SUPPLIED DATA:
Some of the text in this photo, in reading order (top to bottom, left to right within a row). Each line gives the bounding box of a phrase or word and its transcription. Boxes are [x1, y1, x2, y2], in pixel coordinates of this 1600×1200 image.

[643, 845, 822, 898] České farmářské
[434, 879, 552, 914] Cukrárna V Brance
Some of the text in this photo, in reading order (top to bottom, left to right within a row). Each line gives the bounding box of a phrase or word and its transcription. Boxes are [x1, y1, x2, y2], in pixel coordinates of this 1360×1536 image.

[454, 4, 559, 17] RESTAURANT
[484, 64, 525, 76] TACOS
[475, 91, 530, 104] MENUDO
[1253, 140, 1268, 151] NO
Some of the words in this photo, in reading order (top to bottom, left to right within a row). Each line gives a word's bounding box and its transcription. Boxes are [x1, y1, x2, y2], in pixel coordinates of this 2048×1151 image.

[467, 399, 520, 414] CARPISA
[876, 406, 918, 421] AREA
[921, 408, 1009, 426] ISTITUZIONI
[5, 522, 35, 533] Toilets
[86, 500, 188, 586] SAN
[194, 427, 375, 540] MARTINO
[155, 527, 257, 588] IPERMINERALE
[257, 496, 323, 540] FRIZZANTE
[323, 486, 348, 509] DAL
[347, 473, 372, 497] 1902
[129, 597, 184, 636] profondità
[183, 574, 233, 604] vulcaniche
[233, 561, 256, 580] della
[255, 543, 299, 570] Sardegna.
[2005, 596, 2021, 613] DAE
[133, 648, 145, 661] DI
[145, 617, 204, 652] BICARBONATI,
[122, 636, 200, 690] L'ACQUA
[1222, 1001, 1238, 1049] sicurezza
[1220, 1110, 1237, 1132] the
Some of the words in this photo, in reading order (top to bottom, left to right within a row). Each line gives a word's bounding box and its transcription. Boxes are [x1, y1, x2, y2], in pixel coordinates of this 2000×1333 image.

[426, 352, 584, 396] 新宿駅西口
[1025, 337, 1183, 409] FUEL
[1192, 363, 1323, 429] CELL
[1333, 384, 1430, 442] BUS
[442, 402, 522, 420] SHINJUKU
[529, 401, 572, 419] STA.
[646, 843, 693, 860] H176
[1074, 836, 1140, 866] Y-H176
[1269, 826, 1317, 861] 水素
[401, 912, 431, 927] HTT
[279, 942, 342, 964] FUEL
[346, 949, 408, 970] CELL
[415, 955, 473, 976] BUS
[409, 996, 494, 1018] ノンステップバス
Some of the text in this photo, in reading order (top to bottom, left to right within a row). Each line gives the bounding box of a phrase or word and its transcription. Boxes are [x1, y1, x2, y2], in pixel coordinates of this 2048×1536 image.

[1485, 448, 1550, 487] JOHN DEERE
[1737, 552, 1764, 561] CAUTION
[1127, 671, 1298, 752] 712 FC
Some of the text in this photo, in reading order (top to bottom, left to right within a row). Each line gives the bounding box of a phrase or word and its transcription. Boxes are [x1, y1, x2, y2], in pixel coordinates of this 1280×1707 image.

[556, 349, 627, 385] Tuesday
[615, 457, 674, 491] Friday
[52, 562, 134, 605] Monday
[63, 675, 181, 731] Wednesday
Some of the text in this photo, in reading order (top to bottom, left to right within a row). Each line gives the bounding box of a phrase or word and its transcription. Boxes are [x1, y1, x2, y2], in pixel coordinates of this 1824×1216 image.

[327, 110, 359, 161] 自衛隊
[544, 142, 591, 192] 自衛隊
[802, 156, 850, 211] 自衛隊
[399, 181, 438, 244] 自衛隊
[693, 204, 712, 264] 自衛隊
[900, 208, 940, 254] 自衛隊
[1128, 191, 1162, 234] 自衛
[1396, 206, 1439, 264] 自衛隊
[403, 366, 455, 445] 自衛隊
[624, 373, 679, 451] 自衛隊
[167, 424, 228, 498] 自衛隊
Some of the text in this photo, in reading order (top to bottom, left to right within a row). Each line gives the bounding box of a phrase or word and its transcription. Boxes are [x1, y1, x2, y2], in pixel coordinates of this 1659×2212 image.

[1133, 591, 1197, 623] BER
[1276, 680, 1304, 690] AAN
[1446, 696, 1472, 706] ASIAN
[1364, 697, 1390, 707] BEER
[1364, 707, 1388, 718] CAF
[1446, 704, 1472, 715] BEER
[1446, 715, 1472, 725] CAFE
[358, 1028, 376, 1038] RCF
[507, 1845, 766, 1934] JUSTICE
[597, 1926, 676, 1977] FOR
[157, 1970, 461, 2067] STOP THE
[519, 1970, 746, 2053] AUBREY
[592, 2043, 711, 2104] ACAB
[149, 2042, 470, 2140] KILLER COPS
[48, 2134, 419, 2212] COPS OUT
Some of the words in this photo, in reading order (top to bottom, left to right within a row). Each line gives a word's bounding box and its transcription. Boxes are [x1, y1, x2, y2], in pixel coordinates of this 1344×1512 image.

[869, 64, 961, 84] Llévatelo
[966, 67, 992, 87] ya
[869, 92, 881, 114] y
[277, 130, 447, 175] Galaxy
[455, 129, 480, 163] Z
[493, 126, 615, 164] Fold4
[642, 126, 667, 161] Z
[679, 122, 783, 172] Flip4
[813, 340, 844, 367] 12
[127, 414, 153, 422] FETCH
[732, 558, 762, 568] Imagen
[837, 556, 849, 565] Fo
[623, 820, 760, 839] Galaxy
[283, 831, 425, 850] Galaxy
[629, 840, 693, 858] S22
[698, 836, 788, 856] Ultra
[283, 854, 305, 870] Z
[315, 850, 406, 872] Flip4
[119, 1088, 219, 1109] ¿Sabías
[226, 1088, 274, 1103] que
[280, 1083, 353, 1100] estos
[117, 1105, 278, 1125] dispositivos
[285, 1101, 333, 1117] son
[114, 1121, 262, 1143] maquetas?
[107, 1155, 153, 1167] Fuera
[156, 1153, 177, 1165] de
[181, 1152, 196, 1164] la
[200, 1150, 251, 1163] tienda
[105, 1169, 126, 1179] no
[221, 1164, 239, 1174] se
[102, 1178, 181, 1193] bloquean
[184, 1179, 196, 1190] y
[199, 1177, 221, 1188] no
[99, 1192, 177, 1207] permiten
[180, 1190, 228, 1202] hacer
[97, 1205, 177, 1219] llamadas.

BRIEF:
Repeat the data above. Change nothing.

ANSWER SECTION:
Some of the text in this photo, in reading order (top to bottom, left to right within a row). Each line gives the bounding box of a phrase or word and its transcription. Boxes are [x1, y1, x2, y2], in pixel coordinates of this 1600×1200 image.

[643, 845, 822, 898] České farmářské
[434, 879, 552, 914] Cukrárna V Brance
Some of the text in this photo, in reading order (top to bottom, left to right within a row). Each line gives the bounding box of a phrase or word and its transcription. Boxes are [x1, y1, x2, y2], in pixel coordinates of this 1360×1536 image.

[454, 4, 559, 17] RESTAURANT
[484, 64, 525, 76] TACOS
[475, 91, 530, 104] MENUDO
[1253, 140, 1268, 151] NO
Some of the words in this photo, in reading order (top to bottom, left to right within a row). Each line gives a word's bounding box and its transcription. Boxes are [x1, y1, x2, y2], in pixel coordinates of this 2048×1151 image.

[467, 399, 520, 414] CARPISA
[876, 406, 918, 421] AREA
[921, 408, 1009, 426] ISTITUZIONI
[5, 522, 35, 533] Toilets
[86, 500, 188, 586] SAN
[194, 427, 375, 540] MARTINO
[155, 527, 257, 588] IPERMINERALE
[257, 496, 323, 540] FRIZZANTE
[323, 486, 348, 509] DAL
[347, 473, 372, 497] 1902
[129, 597, 184, 636] profondità
[183, 574, 233, 604] vulcaniche
[233, 561, 256, 580] della
[255, 543, 299, 570] Sardegna.
[2005, 596, 2021, 613] DAE
[133, 648, 145, 661] DI
[145, 617, 204, 652] BICARBONATI,
[122, 636, 200, 690] L'ACQUA
[1222, 1001, 1238, 1049] sicurezza
[1220, 1110, 1237, 1132] the
Some of the words in this photo, in reading order (top to bottom, left to right within a row). Each line gives a word's bounding box and its transcription. Boxes are [x1, y1, x2, y2], in pixel coordinates of this 2000×1333 image.

[426, 352, 584, 396] 新宿駅西口
[1025, 337, 1183, 409] FUEL
[1192, 363, 1323, 429] CELL
[1333, 384, 1430, 442] BUS
[442, 402, 522, 420] SHINJUKU
[529, 401, 572, 419] STA.
[646, 843, 693, 860] H176
[1074, 836, 1140, 866] Y-H176
[1269, 826, 1317, 861] 水素
[401, 912, 431, 927] HTT
[279, 942, 342, 964] FUEL
[346, 949, 408, 970] CELL
[415, 955, 473, 976] BUS
[409, 996, 494, 1018] ノンステップバス
Some of the text in this photo, in reading order (top to bottom, left to right within a row). Each line gives the bounding box of a phrase or word and its transcription. Boxes are [x1, y1, x2, y2], in pixel coordinates of this 2048×1536 image.

[1485, 448, 1550, 487] JOHN DEERE
[1737, 552, 1764, 561] CAUTION
[1127, 671, 1298, 752] 712 FC
Some of the text in this photo, in reading order (top to bottom, left to right within a row). Each line gives the bounding box of a phrase or word and its transcription. Boxes are [x1, y1, x2, y2], in pixel coordinates of this 1280×1707 image.

[556, 349, 627, 385] Tuesday
[615, 457, 674, 491] Friday
[52, 562, 134, 605] Monday
[63, 675, 181, 731] Wednesday
Some of the text in this photo, in reading order (top to bottom, left to right within a row). Each line gives the bounding box of a phrase or word and its transcription. Boxes are [x1, y1, x2, y2], in pixel coordinates of this 1824×1216 image.

[327, 110, 359, 161] 自衛隊
[544, 142, 591, 192] 自衛隊
[802, 156, 850, 211] 自衛隊
[399, 181, 438, 244] 自衛隊
[693, 204, 712, 264] 自衛隊
[900, 208, 940, 254] 自衛隊
[1128, 191, 1162, 234] 自衛
[1396, 206, 1439, 264] 自衛隊
[403, 366, 455, 445] 自衛隊
[624, 373, 679, 451] 自衛隊
[167, 424, 228, 498] 自衛隊
Some of the text in this photo, in reading order (top to bottom, left to right within a row). Each line gives the bounding box of a phrase or word and its transcription. Boxes are [x1, y1, x2, y2], in pixel coordinates of this 1659×2212 image.

[1133, 591, 1197, 623] BER
[1276, 680, 1304, 690] AAN
[1446, 696, 1472, 706] ASIAN
[1364, 697, 1390, 707] BEER
[1364, 707, 1388, 718] CAF
[1446, 704, 1472, 715] BEER
[1446, 715, 1472, 725] CAFE
[358, 1028, 376, 1038] RCF
[507, 1845, 766, 1934] JUSTICE
[597, 1926, 676, 1977] FOR
[157, 1970, 461, 2067] STOP THE
[519, 1970, 746, 2053] AUBREY
[592, 2043, 711, 2104] ACAB
[149, 2042, 470, 2140] KILLER COPS
[48, 2134, 419, 2212] COPS OUT
Some of the words in this photo, in reading order (top to bottom, left to right within a row). Each line gives a word's bounding box and its transcription. Boxes are [x1, y1, x2, y2], in pixel coordinates of this 1344×1512 image.

[869, 64, 961, 84] Llévatelo
[966, 67, 992, 87] ya
[869, 92, 881, 114] y
[277, 130, 447, 175] Galaxy
[455, 129, 480, 163] Z
[493, 126, 615, 164] Fold4
[642, 126, 667, 161] Z
[679, 122, 783, 172] Flip4
[813, 340, 844, 367] 12
[127, 414, 153, 422] FETCH
[732, 558, 762, 568] Imagen
[837, 556, 849, 565] Fo
[623, 820, 760, 839] Galaxy
[283, 831, 425, 850] Galaxy
[629, 840, 693, 858] S22
[698, 836, 788, 856] Ultra
[283, 854, 305, 870] Z
[315, 850, 406, 872] Flip4
[119, 1088, 219, 1109] ¿Sabías
[226, 1088, 274, 1103] que
[280, 1083, 353, 1100] estos
[117, 1105, 278, 1125] dispositivos
[285, 1101, 333, 1117] son
[114, 1121, 262, 1143] maquetas?
[107, 1155, 153, 1167] Fuera
[156, 1153, 177, 1165] de
[181, 1152, 196, 1164] la
[200, 1150, 251, 1163] tienda
[105, 1169, 126, 1179] no
[221, 1164, 239, 1174] se
[102, 1178, 181, 1193] bloquean
[184, 1179, 196, 1190] y
[199, 1177, 221, 1188] no
[99, 1192, 177, 1207] permiten
[180, 1190, 228, 1202] hacer
[97, 1205, 177, 1219] llamadas.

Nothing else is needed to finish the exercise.